--- MATERIAL FOR THIS TASK ---
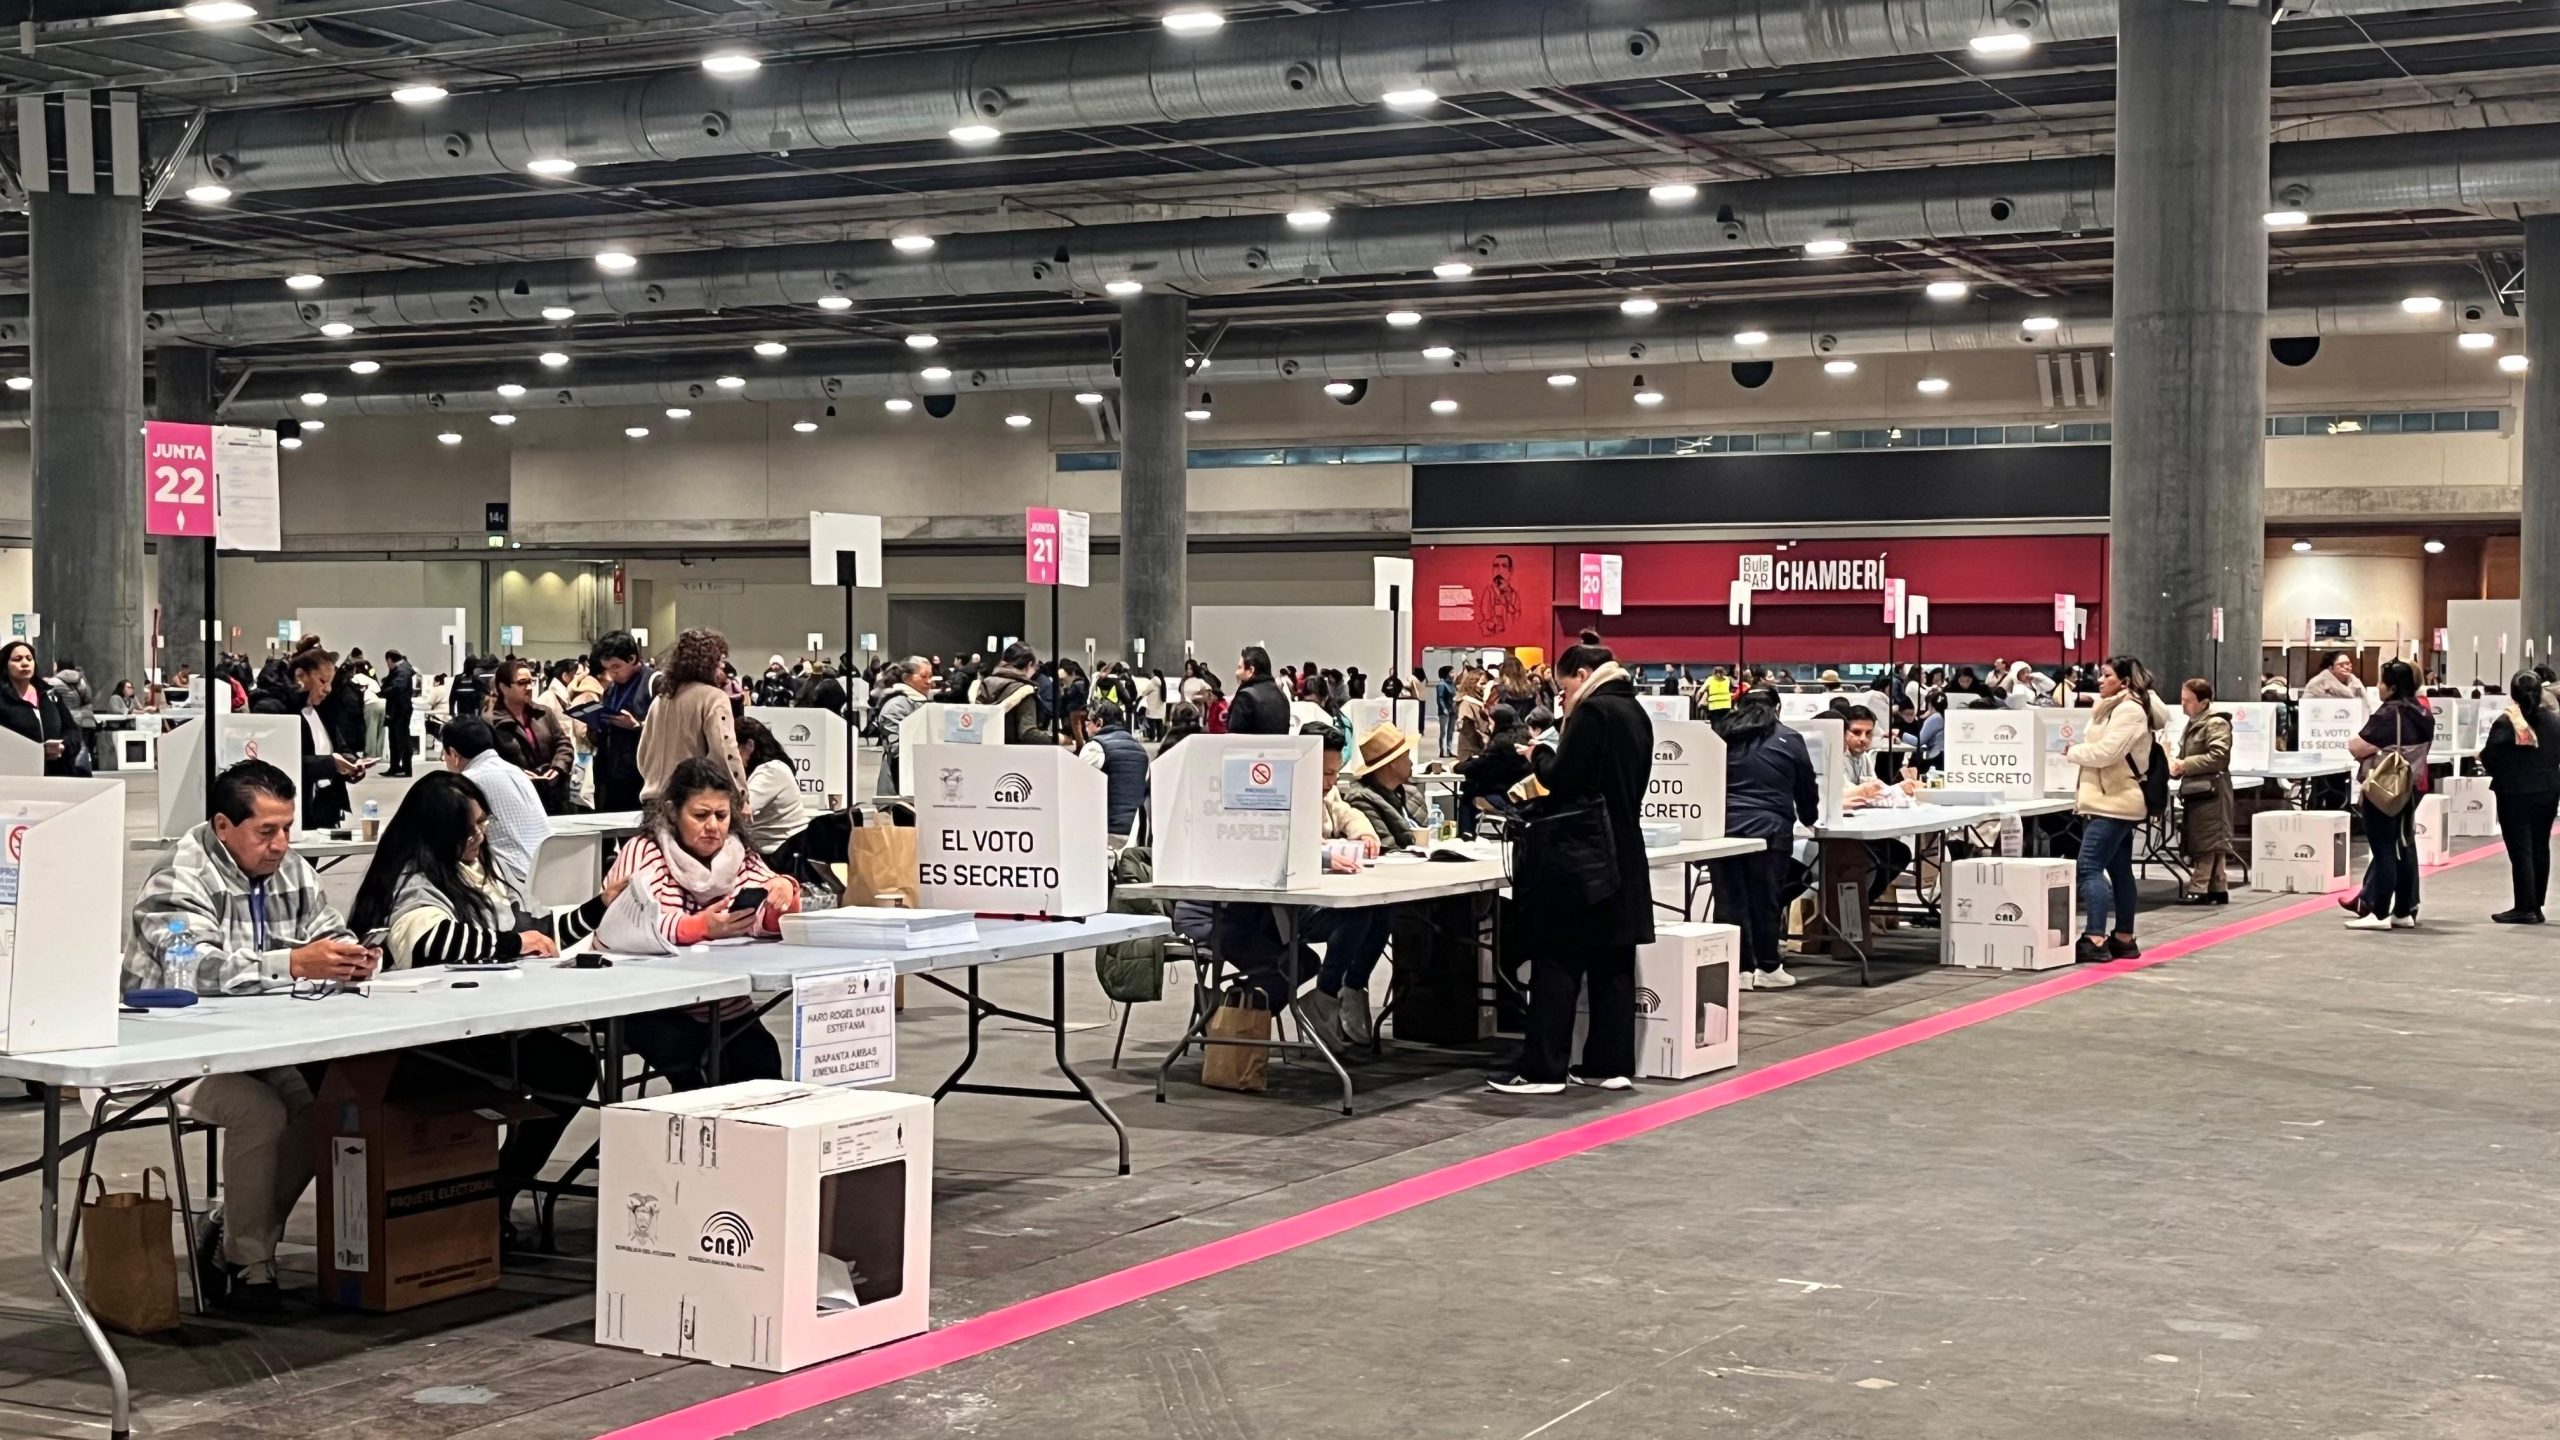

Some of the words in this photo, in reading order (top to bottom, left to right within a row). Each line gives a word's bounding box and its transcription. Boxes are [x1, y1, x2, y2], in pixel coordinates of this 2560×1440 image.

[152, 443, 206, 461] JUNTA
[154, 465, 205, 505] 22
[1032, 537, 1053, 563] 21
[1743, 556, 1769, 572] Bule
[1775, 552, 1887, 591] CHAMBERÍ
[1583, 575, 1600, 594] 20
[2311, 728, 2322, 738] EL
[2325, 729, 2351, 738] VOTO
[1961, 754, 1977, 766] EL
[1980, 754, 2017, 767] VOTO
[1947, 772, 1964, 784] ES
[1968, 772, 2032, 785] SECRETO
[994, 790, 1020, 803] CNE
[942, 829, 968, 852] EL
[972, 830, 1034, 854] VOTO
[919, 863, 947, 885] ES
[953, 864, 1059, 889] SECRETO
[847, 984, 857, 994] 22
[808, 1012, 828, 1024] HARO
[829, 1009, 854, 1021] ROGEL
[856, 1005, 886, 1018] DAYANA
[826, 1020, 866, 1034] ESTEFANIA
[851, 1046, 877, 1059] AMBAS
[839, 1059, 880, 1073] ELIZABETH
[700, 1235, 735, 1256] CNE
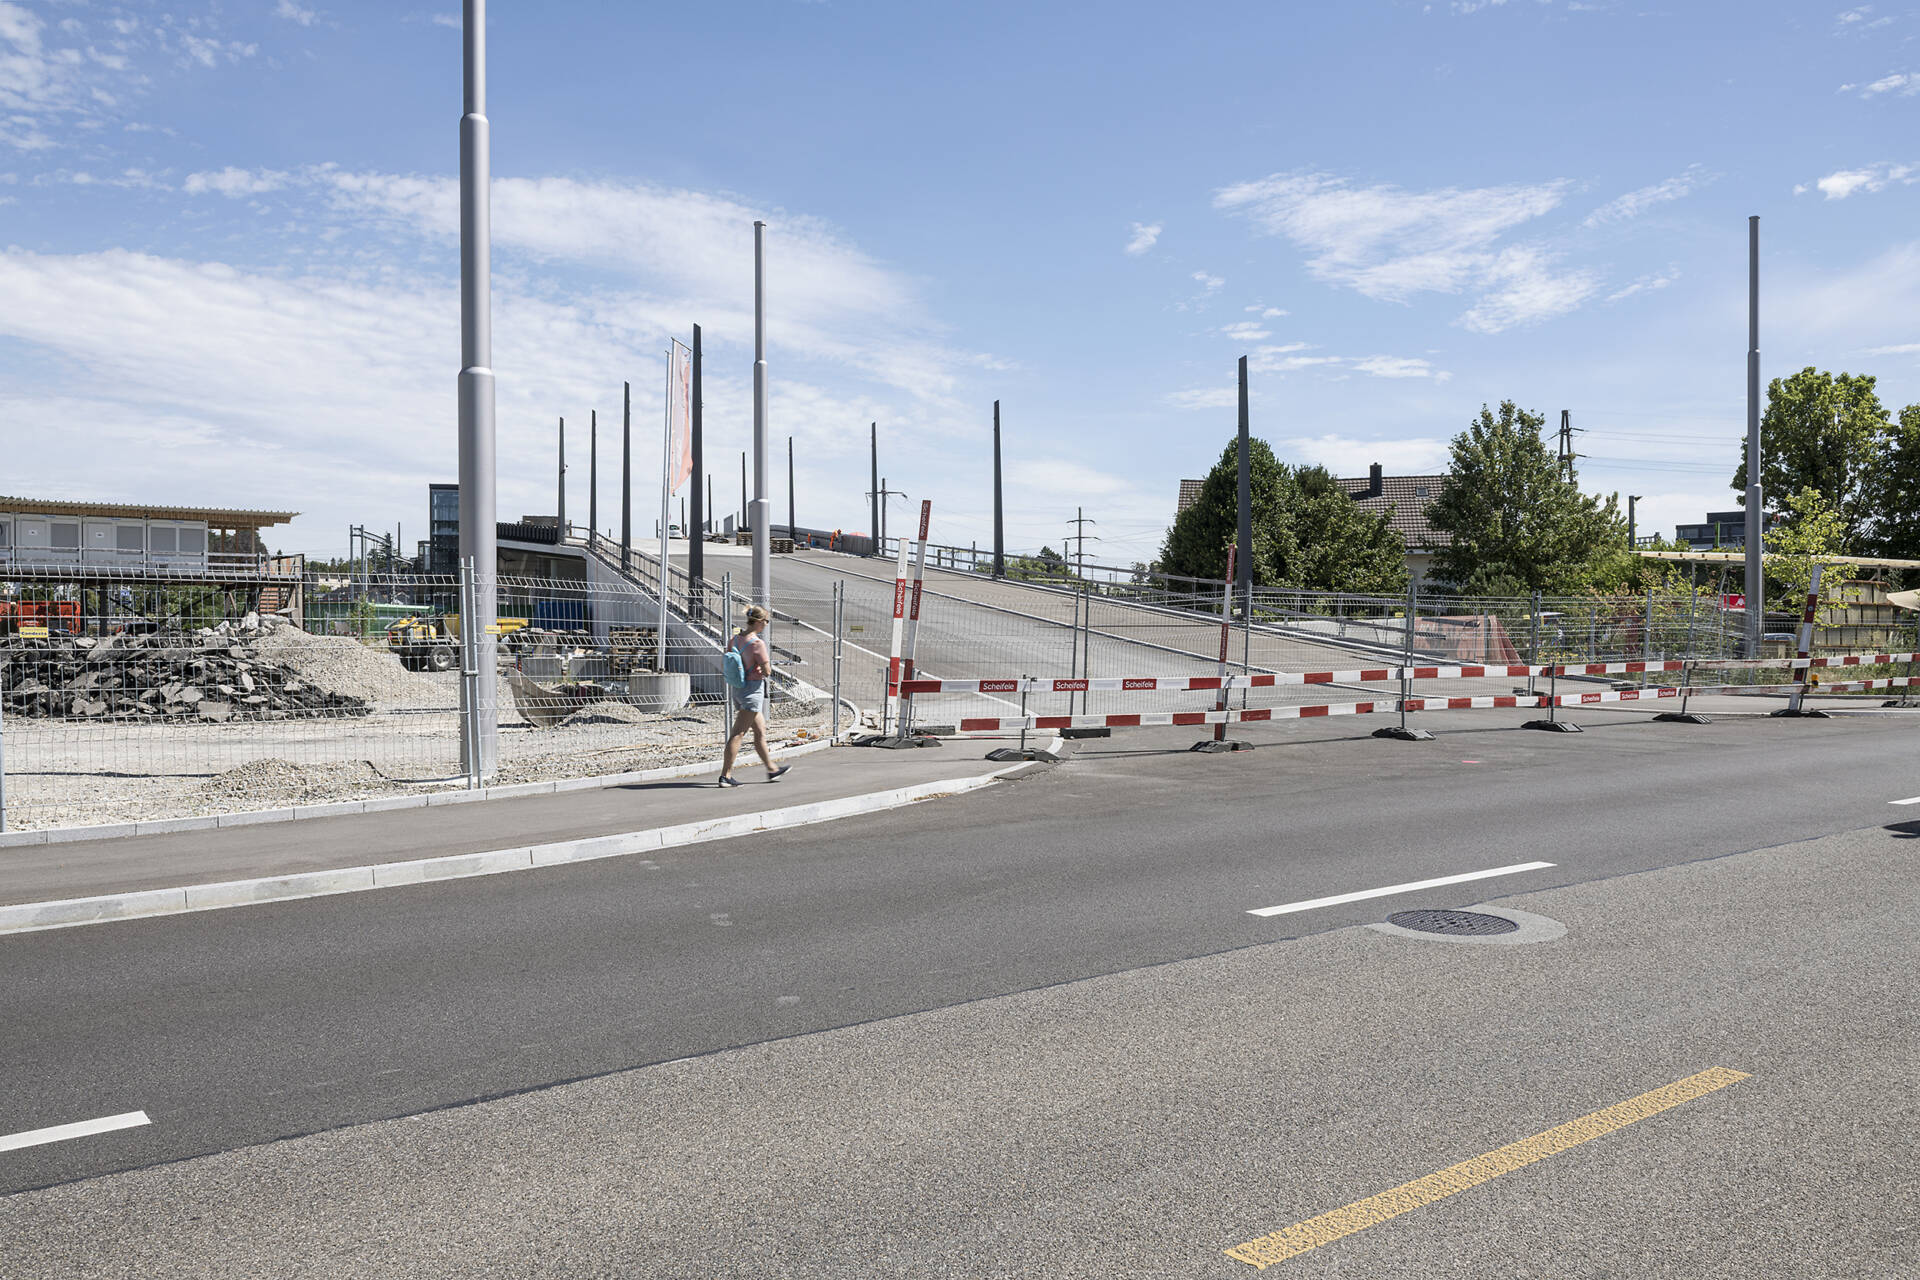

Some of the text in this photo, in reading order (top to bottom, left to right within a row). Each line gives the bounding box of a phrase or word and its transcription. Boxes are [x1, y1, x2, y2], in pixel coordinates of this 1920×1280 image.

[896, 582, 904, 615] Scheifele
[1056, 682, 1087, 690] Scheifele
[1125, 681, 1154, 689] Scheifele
---
AIM OF THE TASK: A verbatim copy of the data, free of pictures, is the expected answer.

WRITTEN REPLY:
Some of the words in this photo, in reading order (top to bottom, left to right within a row). Each line gives a word's bounding box and its transcription. Boxes are [x1, y1, x2, y2], in pixel coordinates of this 2560×1440 image.

[152, 443, 206, 461] JUNTA
[154, 465, 205, 505] 22
[1032, 537, 1053, 563] 21
[1743, 556, 1769, 572] Bule
[1775, 552, 1887, 591] CHAMBERÍ
[1583, 575, 1600, 594] 20
[2311, 728, 2322, 738] EL
[2325, 729, 2351, 738] VOTO
[1961, 754, 1977, 766] EL
[1980, 754, 2017, 767] VOTO
[1947, 772, 1964, 784] ES
[1968, 772, 2032, 785] SECRETO
[994, 790, 1020, 803] CNE
[942, 829, 968, 852] EL
[972, 830, 1034, 854] VOTO
[919, 863, 947, 885] ES
[953, 864, 1059, 889] SECRETO
[847, 984, 857, 994] 22
[808, 1012, 828, 1024] HARO
[829, 1009, 854, 1021] ROGEL
[856, 1005, 886, 1018] DAYANA
[826, 1020, 866, 1034] ESTEFANIA
[851, 1046, 877, 1059] AMBAS
[839, 1059, 880, 1073] ELIZABETH
[700, 1235, 735, 1256] CNE

Some of the text in this photo, in reading order (top to bottom, left to right within a row). Each line gives the bounding box of a phrase or word and its transcription. Boxes are [x1, y1, x2, y2], in pixel coordinates of this 1920×1280 image.

[896, 582, 904, 615] Scheifele
[1056, 682, 1087, 690] Scheifele
[1125, 681, 1154, 689] Scheifele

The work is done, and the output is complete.